Exercise details:
With the line containing "Some of the text" as the first line and the last line of the records as the final one, reproduce that range exactly.

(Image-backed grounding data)
* * *

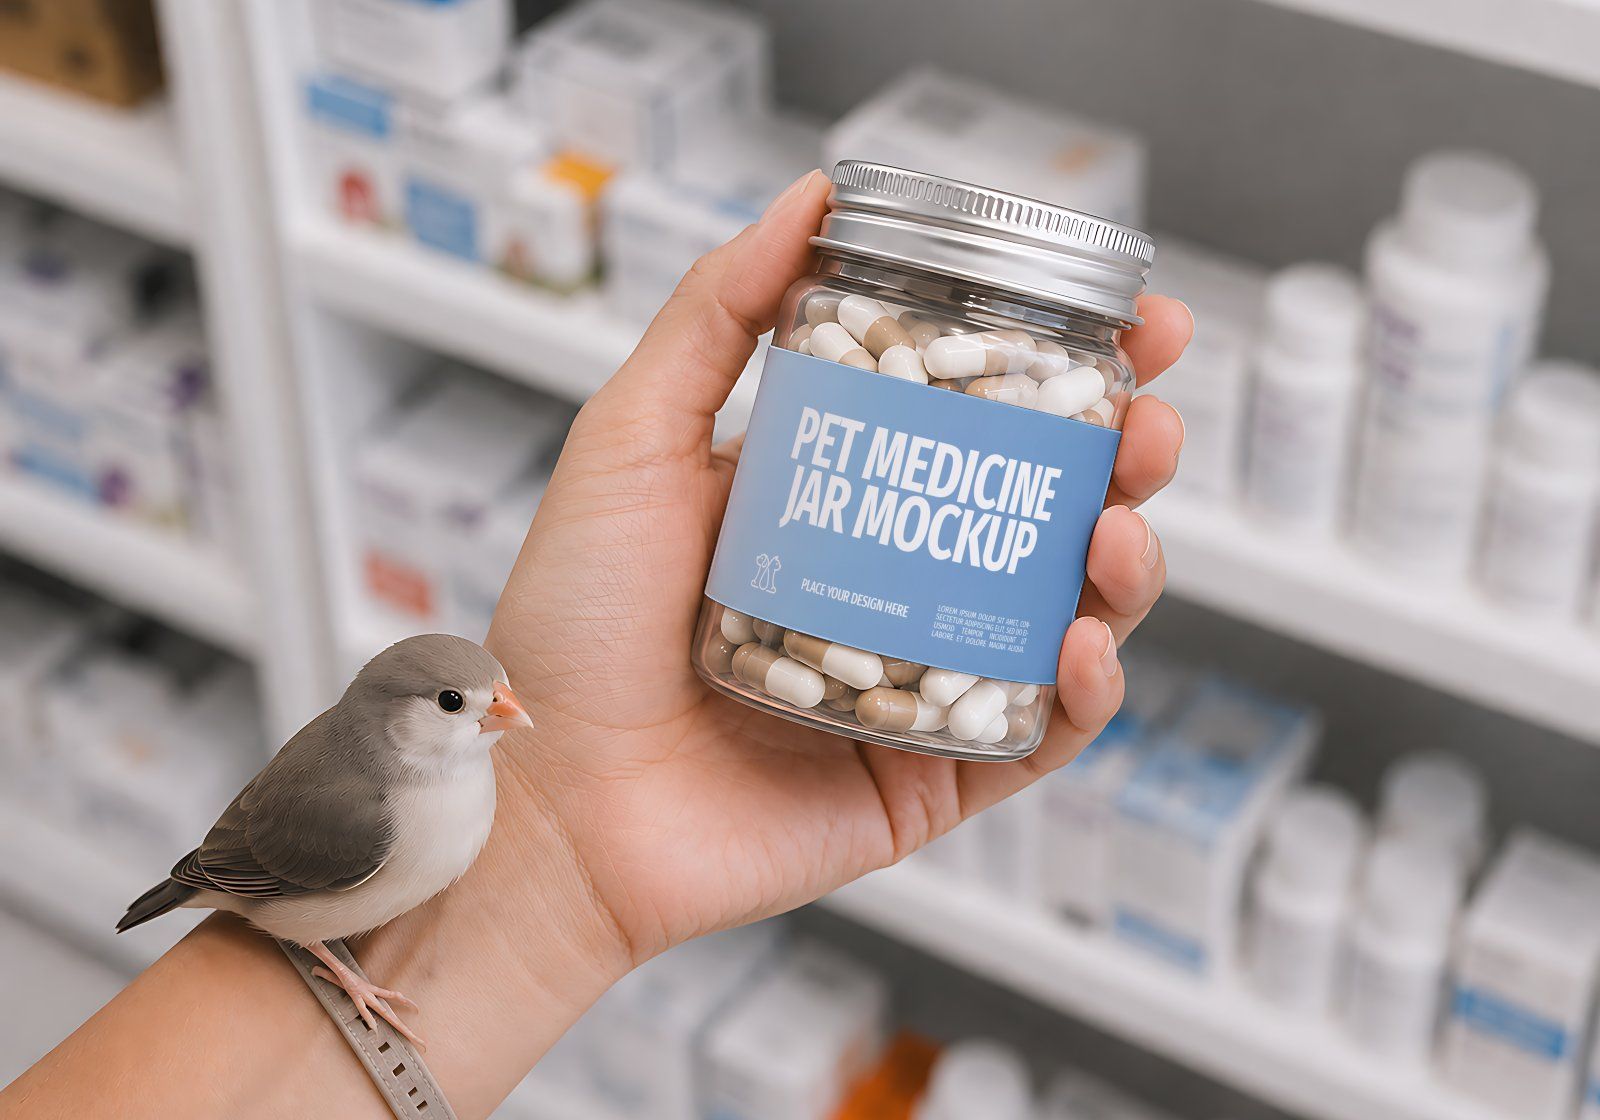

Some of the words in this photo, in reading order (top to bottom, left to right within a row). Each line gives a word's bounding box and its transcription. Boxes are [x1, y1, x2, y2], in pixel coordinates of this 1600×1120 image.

[790, 406, 866, 473] PET
[861, 426, 1062, 522] MEDICINE
[778, 464, 851, 534] JAR
[851, 484, 1038, 575] MOCKUP
[800, 578, 827, 596] PLACE
[827, 585, 850, 603] YOUR
[850, 592, 885, 612] DESIGN
[884, 600, 910, 618] HERE
[935, 612, 963, 625] SECTETUR
[964, 619, 994, 631] ADIPISCING
[937, 604, 958, 615] LOREM
[959, 609, 977, 619] IPSUM
[977, 612, 997, 622] DOLOR
[996, 616, 1006, 625] SIT
[931, 629, 954, 641] LABORE
[956, 635, 964, 643] ET
[965, 636, 987, 648] DOLORE
[988, 641, 1006, 651] MAGNA
[961, 627, 984, 638] TEMPOR
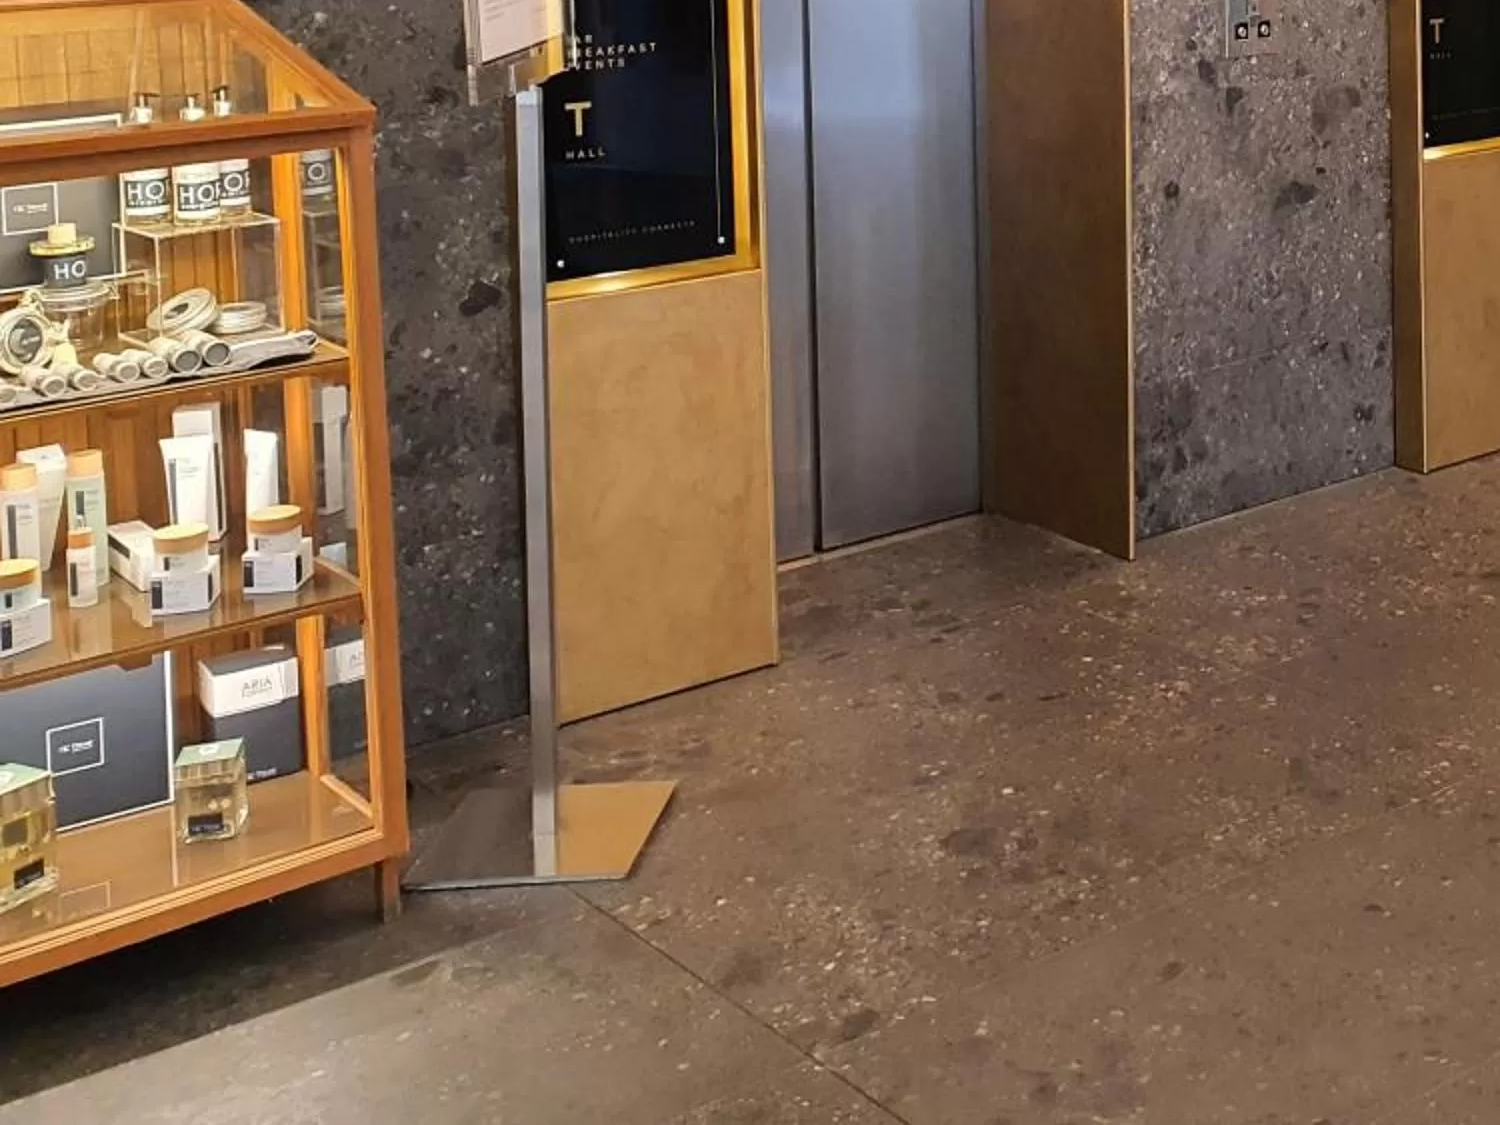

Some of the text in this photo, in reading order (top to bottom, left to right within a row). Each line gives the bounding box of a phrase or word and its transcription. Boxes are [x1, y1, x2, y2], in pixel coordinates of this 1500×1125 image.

[1429, 17, 1445, 45] T
[564, 100, 593, 137] T
[565, 146, 607, 160] HALL

* * *

Exercise output:
Some of the text in this photo, in reading order (top to bottom, left to right within a row). Each line gives the bounding box of a phrase or word and its transcription. Boxes are [x1, y1, x2, y2], in pixel coordinates of this 1500×1125 image.

[1429, 17, 1445, 45] T
[564, 100, 593, 137] T
[565, 146, 607, 160] HALL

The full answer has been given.